Similarly, take the other apparently populist legislation pertaining to land acquisition. True, it imposes costs, but can actually benefit industry if more clarity reduces delays. By early 2010, it was clear that the government apparatus was simply not geared to handle the scale of the permissions required for an economy moving to a high growth trajectory. Dated legislations, including on land, made issues more complex than they needed to be.

Better governance is the key accompaniment that can convert the above new laws from negative to being positive for the larger economy.

Thus, the food security law can actually facilitate less onerous and more efficient government intervention in agriculture. The land acquisition law, complemented with moves towards greater transparency in land records and reduced discretion in land transfers, will make it much easier to do business.

Leasing land could be an alternative to avoiding upfront costs, while also presenting the States greater degrees of freedom in managing potential conflicts among various stakeholders. The Cabinet Committee on Investment could, likewise, identify other causes of project delays such as overlaps and lack of coordination between various central and state departments. This could be the basis for initiating appropriate governance restructuring for more permanent systemic change.


India’s fundamental strengths are its demographic profile — people concentrated in the productive age-groups — and a diversified consumption base.

But these strengths are wasted if our youth cannot find gainful jobs. It is often said that politicians won’t bother about governance unless there are vote-banks large enough to get them re-elected. If 67 per cent poor are incentive enough to push for food subsidy, just as 50 per cent in rural areas or 25 per cent scheduled castes/tribes are for other schemes, the middle class is too small a vote bank to drive policy.

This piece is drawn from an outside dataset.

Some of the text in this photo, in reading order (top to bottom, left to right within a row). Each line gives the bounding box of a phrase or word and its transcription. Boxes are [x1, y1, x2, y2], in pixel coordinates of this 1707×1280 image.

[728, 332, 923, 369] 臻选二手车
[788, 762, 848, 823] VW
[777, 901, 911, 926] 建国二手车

But tech-driven awareness has made the poor also think middle class and aspire to be like them. Near-universal enrolment in schools suggests that all Indians want good jobs for their children. So, growth and good governance are important for even the poor and weaker sections. The persistent poor do require support, but what they really seek today is the prospect of a better life. State governments delivering on these aspirations have been voted back in – a relatively recent trend.

In other words, populism will not be enough in the new political economy. Complementary improvements in governance can well be election winners. Rather than compete on polarised policies, parties should compete on effective delivery of a similar policy set. This approach will also go some way in resolving resolve the current fearful PIAE (postpone investment ahead of election) syndrome.

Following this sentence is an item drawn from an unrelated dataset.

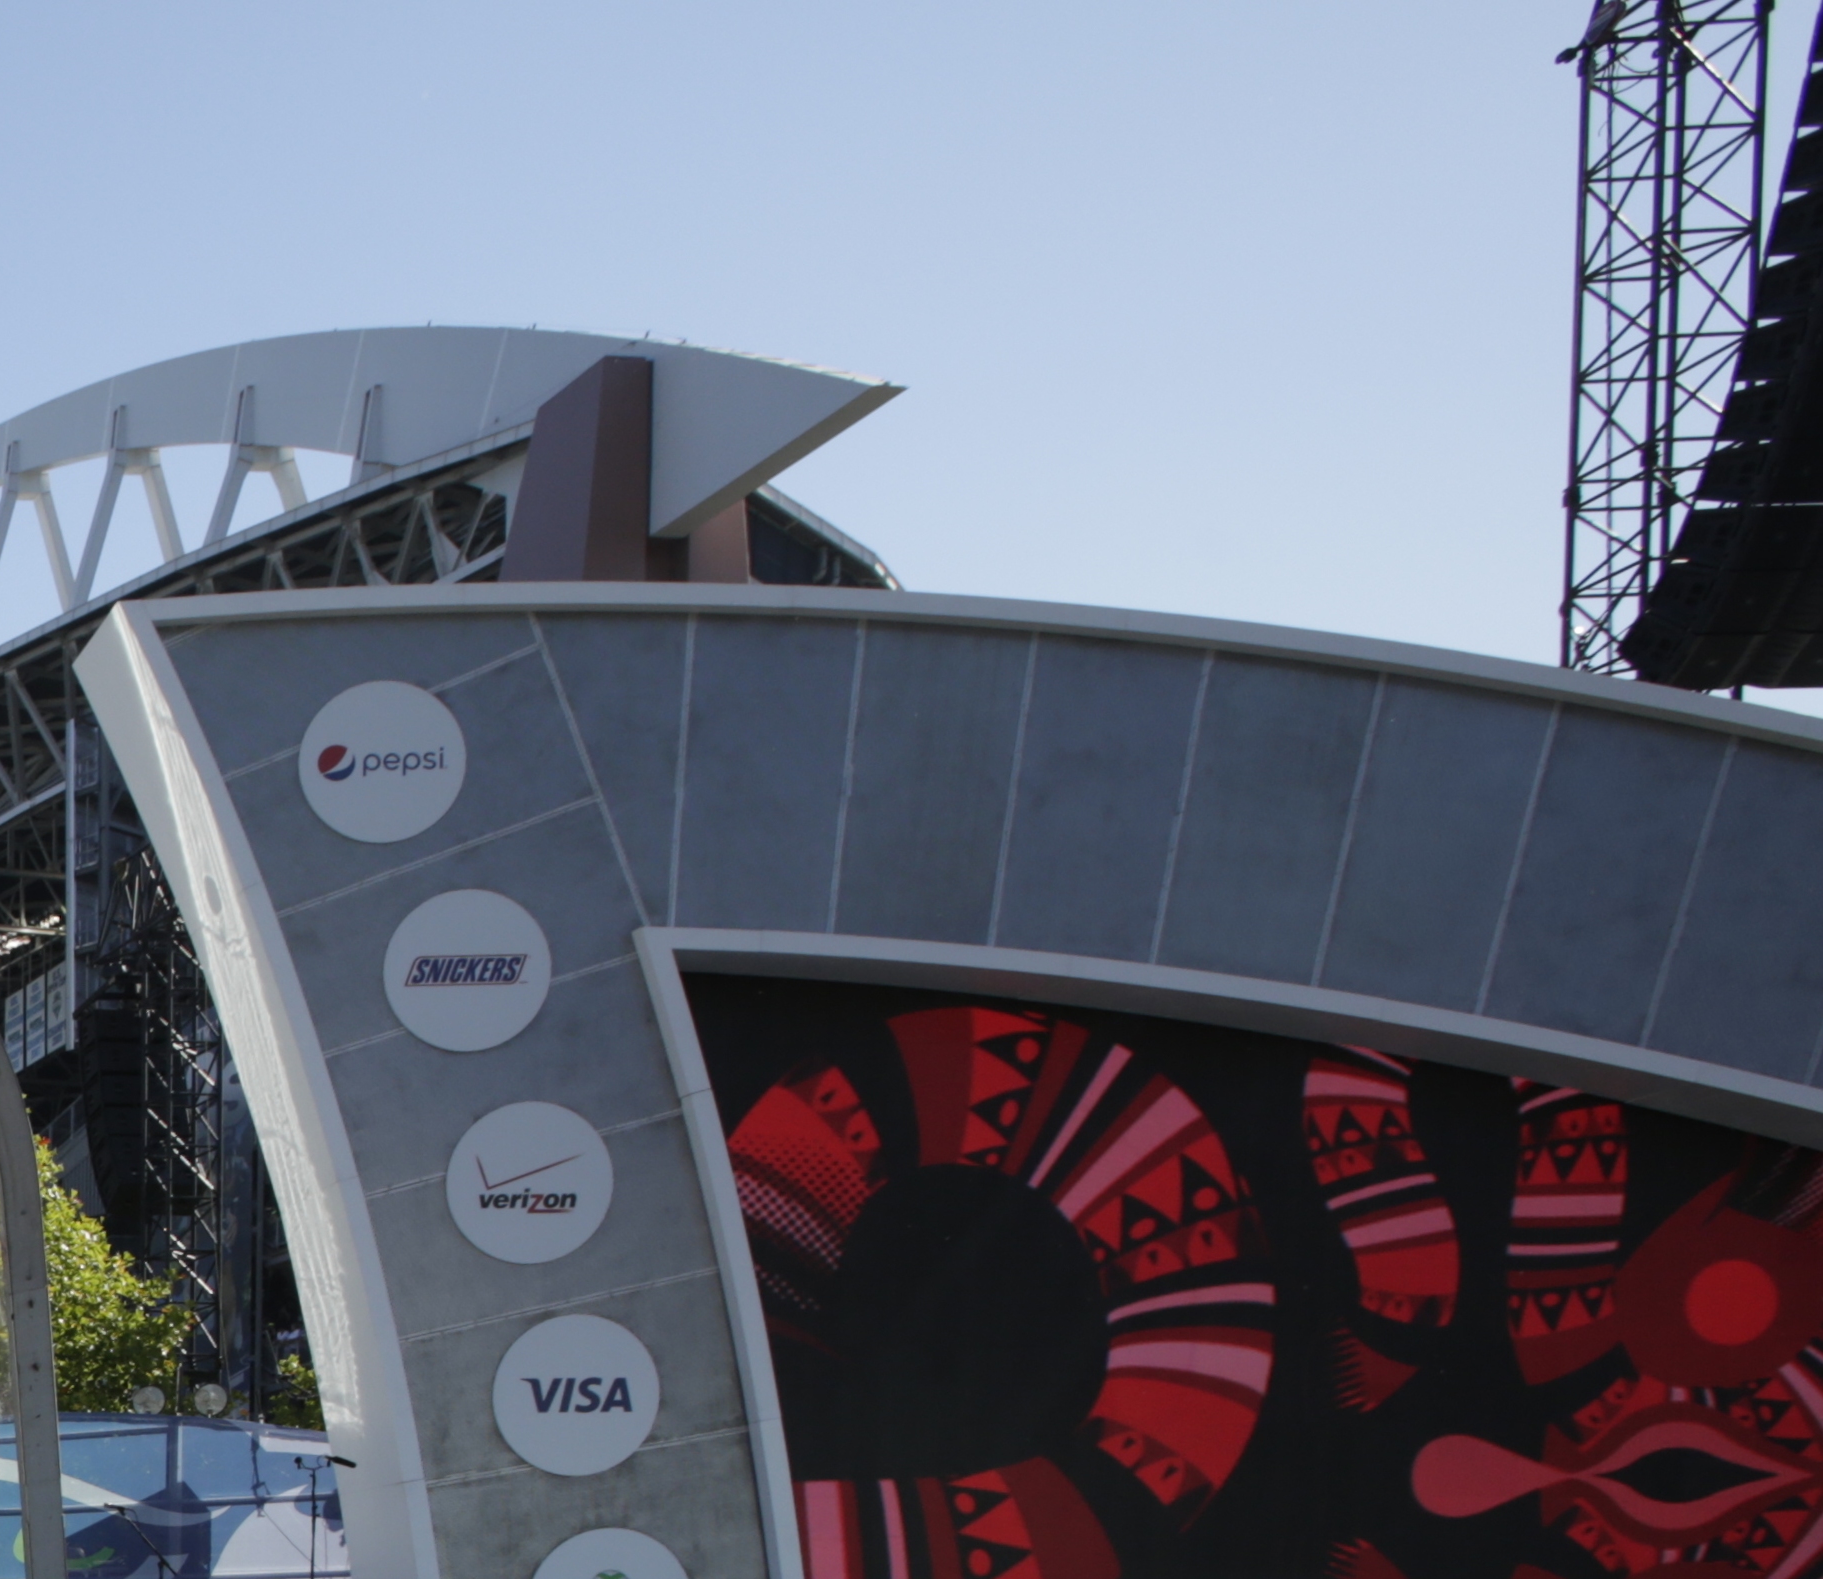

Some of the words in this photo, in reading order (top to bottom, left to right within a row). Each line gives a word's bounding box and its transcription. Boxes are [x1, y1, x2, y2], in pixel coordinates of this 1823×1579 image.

The other set of fundamental reforms required are in the international sphere.

Emerging markets (EM), including India, are now at the receiving end of monetary policies designed by advanced economies (AEs) to revive their own fortunes. The G-20 and the International Monetary Fund need to evolve some means to make AEs recognise the systemic spillovers they create for others. For example, unconditional liquidity that is calibrated to withdrawal (‘tapering’) of the current quantitative easing (QE) policies can be made available to affected countries suffering collateral market disruption.

But dominant financial voices have been denying any AE responsibility for loss of EM asset and currency values on account of QE tapering. They argue that the EMs, in fact, gained from the QE-induced capital flows in the first place. These allowed India, for example, to finance its large CADs. So if QE by AEs helped the EMs in the past, they cannot complain today against their tapering.

But the fact is QE-induced capital movements have followed a risk-on risk-off pattern depending on global fragilities, independent of India’s domestic cycle or needs. These have made it more difficult to fight persistent inflation resulting from capital outflows-induced depreciation.

The QE policies earlier were also responsible for widening the CAD by pushing up prices of all asset classes, including commodities imported by India. This increase in the CAD clearly had little to do with excess demand, as India simultaneously registered decline in growth rates. True, to the extent QE made financing of CADs easier, it also led to complacency among policymakers here. The dangerous dependence on the drug of foreign capital flows led them to neglect the essential domestic structural reforms required to keep the money here.

If AE policy makers and global institutions refuse to accept their responsibility for the volatility that their policies have created, it is time the EMs think of creating alternative institutions that make them less hostage to monetary policy decided in AEs, improve their bargaining power and contribute to overall global financial stability.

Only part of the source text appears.